(YOUR ASSIGNMENT):
Write the records out once more, exactly as they appear below.

(Phrase grounding data):
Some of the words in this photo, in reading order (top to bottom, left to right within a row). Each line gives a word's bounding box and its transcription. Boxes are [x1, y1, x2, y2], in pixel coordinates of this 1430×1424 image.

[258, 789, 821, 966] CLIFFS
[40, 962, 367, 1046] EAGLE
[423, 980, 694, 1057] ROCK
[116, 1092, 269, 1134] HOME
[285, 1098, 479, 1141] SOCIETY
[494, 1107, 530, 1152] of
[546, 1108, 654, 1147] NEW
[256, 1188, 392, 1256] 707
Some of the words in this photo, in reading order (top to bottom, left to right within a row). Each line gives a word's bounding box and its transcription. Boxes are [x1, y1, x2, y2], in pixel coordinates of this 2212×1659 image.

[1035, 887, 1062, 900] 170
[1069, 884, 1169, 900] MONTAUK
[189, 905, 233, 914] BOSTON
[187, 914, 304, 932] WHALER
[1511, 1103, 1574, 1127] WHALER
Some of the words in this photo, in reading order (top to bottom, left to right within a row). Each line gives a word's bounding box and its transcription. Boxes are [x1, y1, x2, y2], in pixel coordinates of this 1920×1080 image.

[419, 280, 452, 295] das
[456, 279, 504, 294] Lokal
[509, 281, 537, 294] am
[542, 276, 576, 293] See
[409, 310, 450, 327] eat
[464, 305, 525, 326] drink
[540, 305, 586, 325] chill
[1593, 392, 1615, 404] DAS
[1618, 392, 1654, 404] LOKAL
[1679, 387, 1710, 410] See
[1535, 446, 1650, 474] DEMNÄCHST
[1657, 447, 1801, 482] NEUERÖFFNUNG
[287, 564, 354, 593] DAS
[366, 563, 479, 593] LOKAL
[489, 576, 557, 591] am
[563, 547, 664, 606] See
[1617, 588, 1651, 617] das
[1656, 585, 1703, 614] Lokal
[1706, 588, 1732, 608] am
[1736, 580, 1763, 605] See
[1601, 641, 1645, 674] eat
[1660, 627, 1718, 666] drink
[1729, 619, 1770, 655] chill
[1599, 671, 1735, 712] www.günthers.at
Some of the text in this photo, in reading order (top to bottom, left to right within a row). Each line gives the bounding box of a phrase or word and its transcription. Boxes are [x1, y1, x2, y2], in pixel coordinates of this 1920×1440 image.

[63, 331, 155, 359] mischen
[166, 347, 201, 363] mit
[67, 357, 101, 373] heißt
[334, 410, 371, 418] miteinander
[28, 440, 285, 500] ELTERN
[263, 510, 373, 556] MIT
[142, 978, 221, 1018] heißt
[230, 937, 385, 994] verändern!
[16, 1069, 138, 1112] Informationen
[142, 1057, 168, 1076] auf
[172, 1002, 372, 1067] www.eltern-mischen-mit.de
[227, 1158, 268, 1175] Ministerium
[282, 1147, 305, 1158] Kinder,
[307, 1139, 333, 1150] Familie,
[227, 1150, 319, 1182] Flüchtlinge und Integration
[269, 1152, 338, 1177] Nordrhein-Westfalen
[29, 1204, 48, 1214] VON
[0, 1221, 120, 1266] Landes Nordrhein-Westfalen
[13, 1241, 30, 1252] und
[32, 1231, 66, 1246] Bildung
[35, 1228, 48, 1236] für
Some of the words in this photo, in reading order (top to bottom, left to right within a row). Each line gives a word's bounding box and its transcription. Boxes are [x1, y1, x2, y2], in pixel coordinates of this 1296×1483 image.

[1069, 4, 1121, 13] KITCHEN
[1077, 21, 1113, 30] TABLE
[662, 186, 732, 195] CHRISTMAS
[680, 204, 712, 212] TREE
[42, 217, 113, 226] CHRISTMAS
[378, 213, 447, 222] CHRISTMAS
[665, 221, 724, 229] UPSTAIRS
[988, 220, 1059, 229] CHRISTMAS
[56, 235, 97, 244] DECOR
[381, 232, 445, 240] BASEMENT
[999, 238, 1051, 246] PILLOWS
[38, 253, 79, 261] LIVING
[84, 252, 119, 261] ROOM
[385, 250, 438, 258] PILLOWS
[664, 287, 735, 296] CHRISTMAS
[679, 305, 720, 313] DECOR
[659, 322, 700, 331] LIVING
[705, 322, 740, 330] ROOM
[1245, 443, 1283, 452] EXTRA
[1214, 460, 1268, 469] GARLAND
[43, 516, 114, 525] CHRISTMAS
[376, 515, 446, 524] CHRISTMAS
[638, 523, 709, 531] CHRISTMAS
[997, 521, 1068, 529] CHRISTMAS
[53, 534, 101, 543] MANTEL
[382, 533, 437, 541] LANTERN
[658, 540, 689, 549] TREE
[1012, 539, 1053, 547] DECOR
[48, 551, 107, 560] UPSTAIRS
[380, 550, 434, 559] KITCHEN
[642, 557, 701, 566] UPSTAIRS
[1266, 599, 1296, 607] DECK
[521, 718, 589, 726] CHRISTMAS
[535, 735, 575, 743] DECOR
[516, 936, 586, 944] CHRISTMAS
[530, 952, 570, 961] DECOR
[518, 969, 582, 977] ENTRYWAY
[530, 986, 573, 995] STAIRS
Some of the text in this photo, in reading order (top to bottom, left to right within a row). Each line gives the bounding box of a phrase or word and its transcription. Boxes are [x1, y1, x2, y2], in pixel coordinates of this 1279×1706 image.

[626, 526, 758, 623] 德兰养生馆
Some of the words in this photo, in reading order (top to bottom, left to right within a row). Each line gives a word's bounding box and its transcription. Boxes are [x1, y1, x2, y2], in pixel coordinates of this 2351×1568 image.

(ANSWER SECTION):
Some of the words in this photo, in reading order (top to bottom, left to right within a row). Each line gives a word's bounding box and its transcription. Boxes are [x1, y1, x2, y2], in pixel coordinates of this 1430×1424 image.

[258, 789, 821, 966] CLIFFS
[40, 962, 367, 1046] EAGLE
[423, 980, 694, 1057] ROCK
[116, 1092, 269, 1134] HOME
[285, 1098, 479, 1141] SOCIETY
[494, 1107, 530, 1152] of
[546, 1108, 654, 1147] NEW
[256, 1188, 392, 1256] 707
Some of the words in this photo, in reading order (top to bottom, left to right within a row). Each line gives a word's bounding box and its transcription. Boxes are [x1, y1, x2, y2], in pixel coordinates of this 2212×1659 image.

[1035, 887, 1062, 900] 170
[1069, 884, 1169, 900] MONTAUK
[189, 905, 233, 914] BOSTON
[187, 914, 304, 932] WHALER
[1511, 1103, 1574, 1127] WHALER
Some of the words in this photo, in reading order (top to bottom, left to right within a row). Each line gives a word's bounding box and its transcription. Boxes are [x1, y1, x2, y2], in pixel coordinates of this 1920×1080 image.

[419, 280, 452, 295] das
[456, 279, 504, 294] Lokal
[509, 281, 537, 294] am
[542, 276, 576, 293] See
[409, 310, 450, 327] eat
[464, 305, 525, 326] drink
[540, 305, 586, 325] chill
[1593, 392, 1615, 404] DAS
[1618, 392, 1654, 404] LOKAL
[1679, 387, 1710, 410] See
[1535, 446, 1650, 474] DEMNÄCHST
[1657, 447, 1801, 482] NEUERÖFFNUNG
[287, 564, 354, 593] DAS
[366, 563, 479, 593] LOKAL
[489, 576, 557, 591] am
[563, 547, 664, 606] See
[1617, 588, 1651, 617] das
[1656, 585, 1703, 614] Lokal
[1706, 588, 1732, 608] am
[1736, 580, 1763, 605] See
[1601, 641, 1645, 674] eat
[1660, 627, 1718, 666] drink
[1729, 619, 1770, 655] chill
[1599, 671, 1735, 712] www.günthers.at
Some of the text in this photo, in reading order (top to bottom, left to right within a row). Each line gives the bounding box of a phrase or word and its transcription. Boxes are [x1, y1, x2, y2], in pixel coordinates of this 1920×1440 image.

[63, 331, 155, 359] mischen
[166, 347, 201, 363] mit
[67, 357, 101, 373] heißt
[334, 410, 371, 418] miteinander
[28, 440, 285, 500] ELTERN
[263, 510, 373, 556] MIT
[142, 978, 221, 1018] heißt
[230, 937, 385, 994] verändern!
[16, 1069, 138, 1112] Informationen
[142, 1057, 168, 1076] auf
[172, 1002, 372, 1067] www.eltern-mischen-mit.de
[227, 1158, 268, 1175] Ministerium
[282, 1147, 305, 1158] Kinder,
[307, 1139, 333, 1150] Familie,
[227, 1150, 319, 1182] Flüchtlinge und Integration
[269, 1152, 338, 1177] Nordrhein-Westfalen
[29, 1204, 48, 1214] VON
[0, 1221, 120, 1266] Landes Nordrhein-Westfalen
[13, 1241, 30, 1252] und
[32, 1231, 66, 1246] Bildung
[35, 1228, 48, 1236] für
Some of the words in this photo, in reading order (top to bottom, left to right within a row). Each line gives a word's bounding box and its transcription. Boxes are [x1, y1, x2, y2], in pixel coordinates of this 1296×1483 image.

[1069, 4, 1121, 13] KITCHEN
[1077, 21, 1113, 30] TABLE
[662, 186, 732, 195] CHRISTMAS
[680, 204, 712, 212] TREE
[42, 217, 113, 226] CHRISTMAS
[378, 213, 447, 222] CHRISTMAS
[665, 221, 724, 229] UPSTAIRS
[988, 220, 1059, 229] CHRISTMAS
[56, 235, 97, 244] DECOR
[381, 232, 445, 240] BASEMENT
[999, 238, 1051, 246] PILLOWS
[38, 253, 79, 261] LIVING
[84, 252, 119, 261] ROOM
[385, 250, 438, 258] PILLOWS
[664, 287, 735, 296] CHRISTMAS
[679, 305, 720, 313] DECOR
[659, 322, 700, 331] LIVING
[705, 322, 740, 330] ROOM
[1245, 443, 1283, 452] EXTRA
[1214, 460, 1268, 469] GARLAND
[43, 516, 114, 525] CHRISTMAS
[376, 515, 446, 524] CHRISTMAS
[638, 523, 709, 531] CHRISTMAS
[997, 521, 1068, 529] CHRISTMAS
[53, 534, 101, 543] MANTEL
[382, 533, 437, 541] LANTERN
[658, 540, 689, 549] TREE
[1012, 539, 1053, 547] DECOR
[48, 551, 107, 560] UPSTAIRS
[380, 550, 434, 559] KITCHEN
[642, 557, 701, 566] UPSTAIRS
[1266, 599, 1296, 607] DECK
[521, 718, 589, 726] CHRISTMAS
[535, 735, 575, 743] DECOR
[516, 936, 586, 944] CHRISTMAS
[530, 952, 570, 961] DECOR
[518, 969, 582, 977] ENTRYWAY
[530, 986, 573, 995] STAIRS
Some of the text in this photo, in reading order (top to bottom, left to right within a row). Each line gives the bounding box of a phrase or word and its transcription. Boxes are [x1, y1, x2, y2], in pixel coordinates of this 1279×1706 image.

[626, 526, 758, 623] 德兰养生馆
Some of the words in this photo, in reading order (top to bottom, left to right within a row). Each line gives a word's bounding box and its transcription. Boxes are [x1, y1, x2, y2], in pixel coordinates of this 2351×1568 image.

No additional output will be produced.